#### [Task to complete]
Leaving out every picture, quote the data below exactly as it appears.

#### [Data for the task]
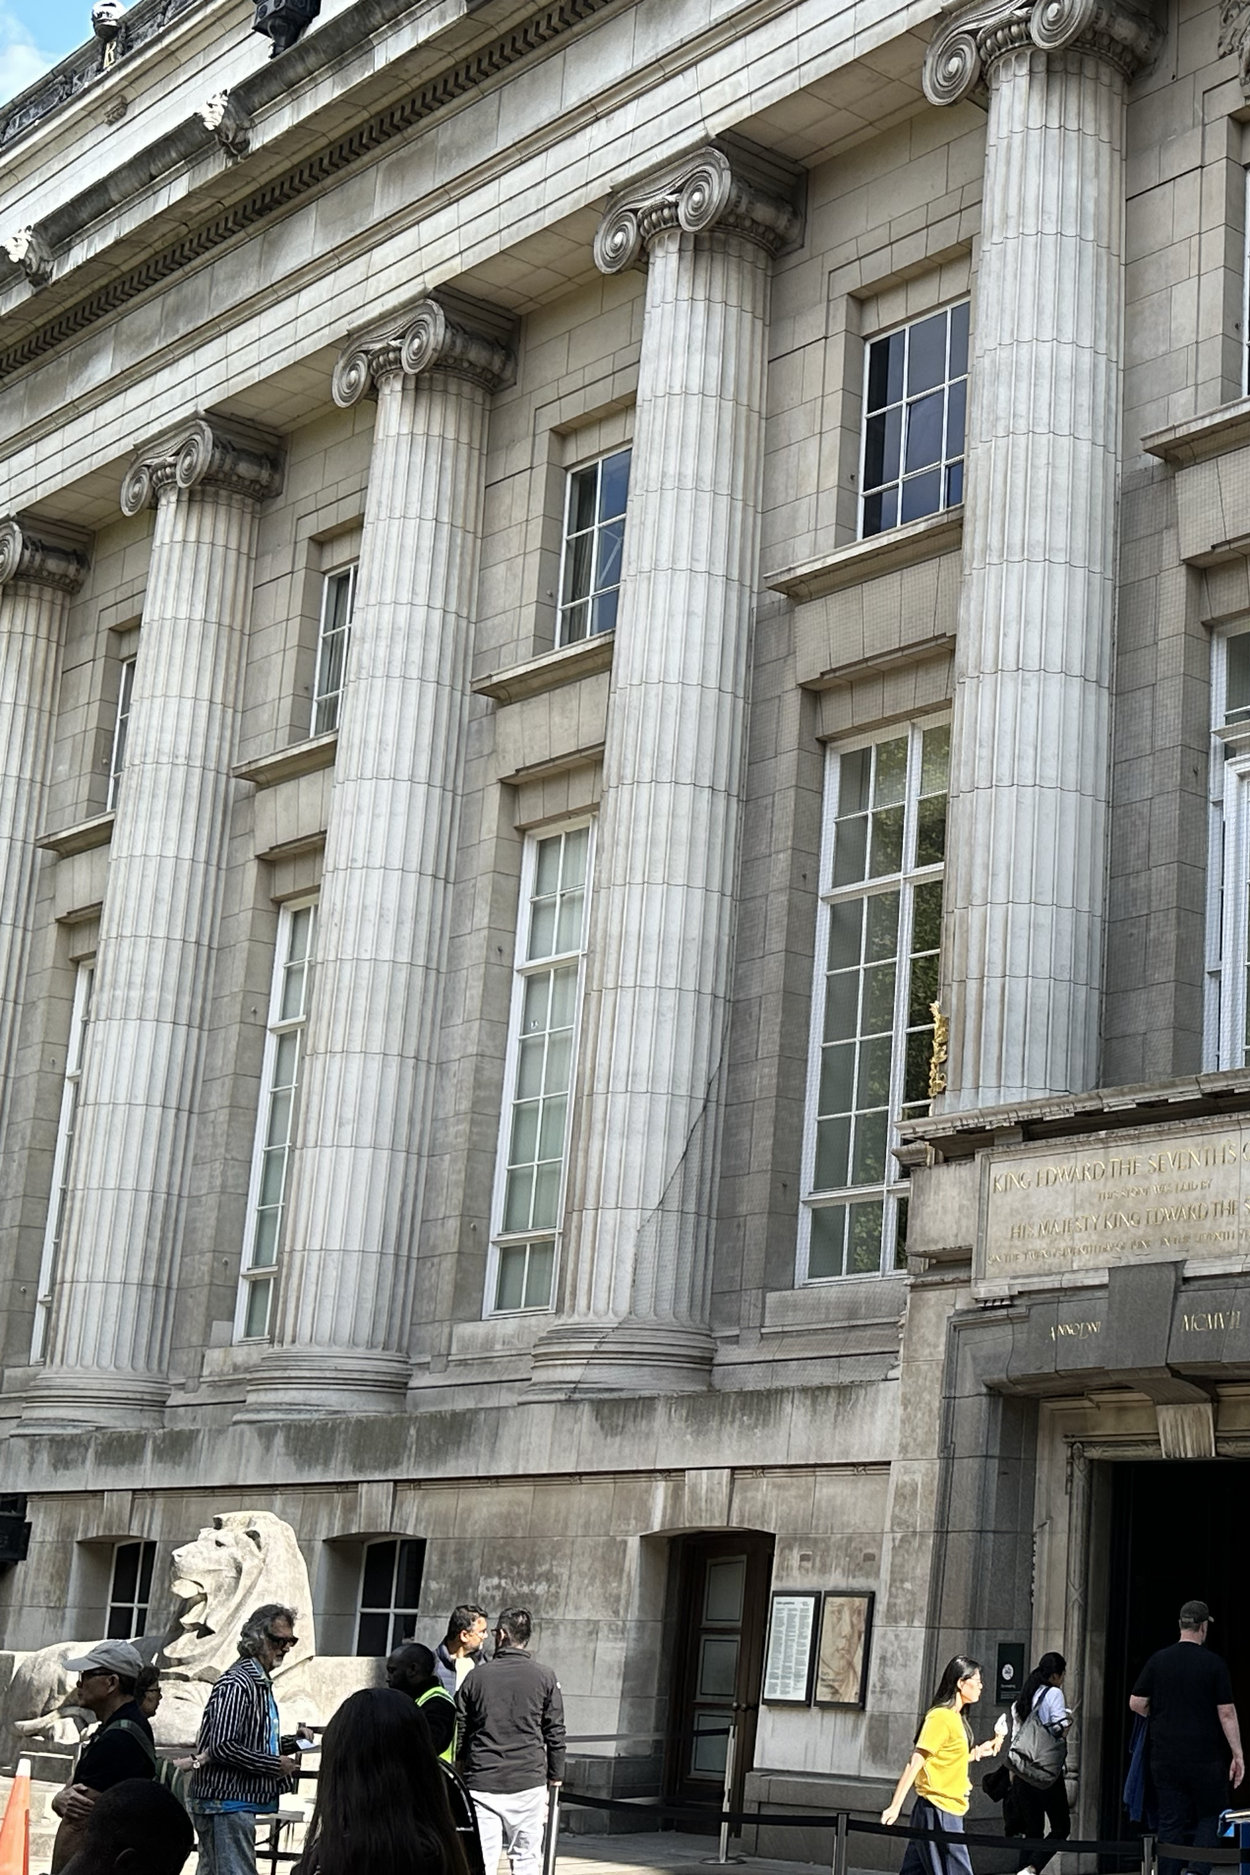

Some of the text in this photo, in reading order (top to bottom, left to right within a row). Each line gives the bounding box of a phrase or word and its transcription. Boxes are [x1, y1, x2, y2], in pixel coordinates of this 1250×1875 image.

[992, 1170, 1032, 1194] KING
[1036, 1160, 1105, 1188] EDWARD
[1110, 1155, 1142, 1178] THE
[1175, 1179, 1199, 1194] LAID
[1200, 1178, 1213, 1191] BY
[1010, 1222, 1034, 1241] HIS
[1037, 1214, 1099, 1239] MAJESTY
[1103, 1211, 1142, 1231] KING
[1146, 1202, 1209, 1226] EDWARD
[1212, 1199, 1238, 1219] THE
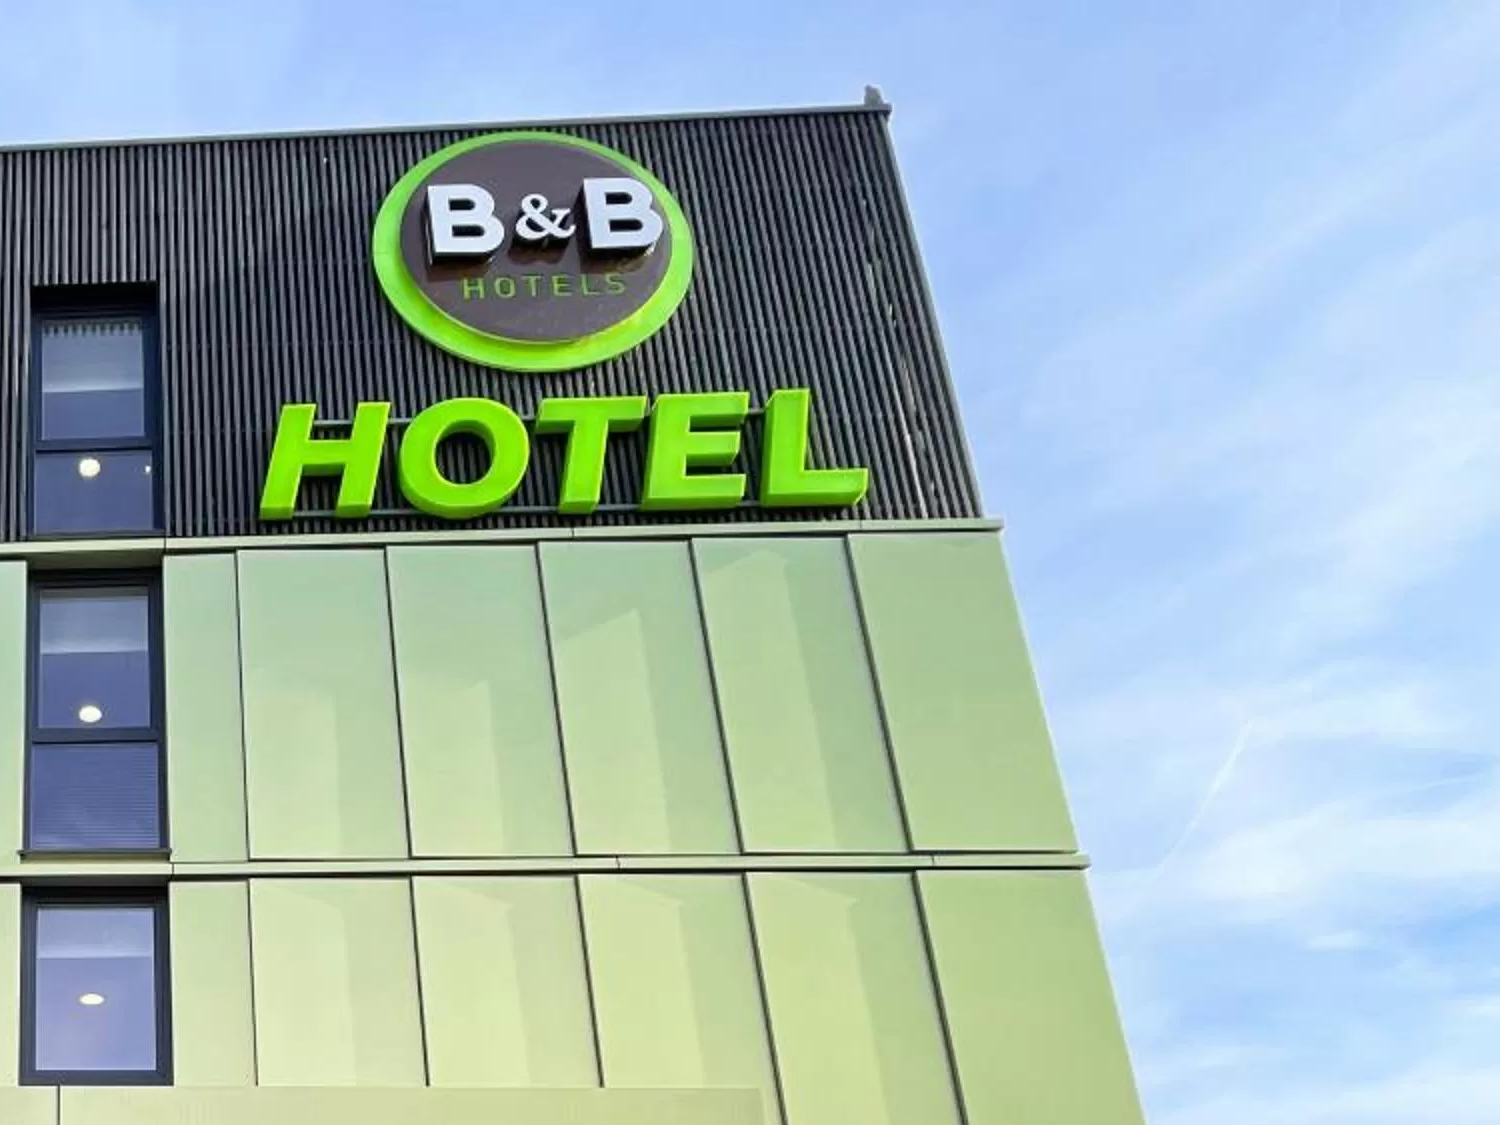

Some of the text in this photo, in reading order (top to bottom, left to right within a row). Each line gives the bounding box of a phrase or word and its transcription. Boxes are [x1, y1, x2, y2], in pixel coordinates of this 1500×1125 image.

#### [Exercise response]
Some of the text in this photo, in reading order (top to bottom, left to right within a row). Each line gives the bounding box of a phrase or word and its transcription. Boxes are [x1, y1, x2, y2], in pixel coordinates of this 1250×1875 image.

[992, 1170, 1032, 1194] KING
[1036, 1160, 1105, 1188] EDWARD
[1110, 1155, 1142, 1178] THE
[1175, 1179, 1199, 1194] LAID
[1200, 1178, 1213, 1191] BY
[1010, 1222, 1034, 1241] HIS
[1037, 1214, 1099, 1239] MAJESTY
[1103, 1211, 1142, 1231] KING
[1146, 1202, 1209, 1226] EDWARD
[1212, 1199, 1238, 1219] THE

Some of the text in this photo, in reading order (top to bottom, left to right within a row). Each line gives the bounding box of a phrase or word and its transcription. Boxes are [x1, y1, x2, y2], in pixel coordinates of this 1500×1125 image.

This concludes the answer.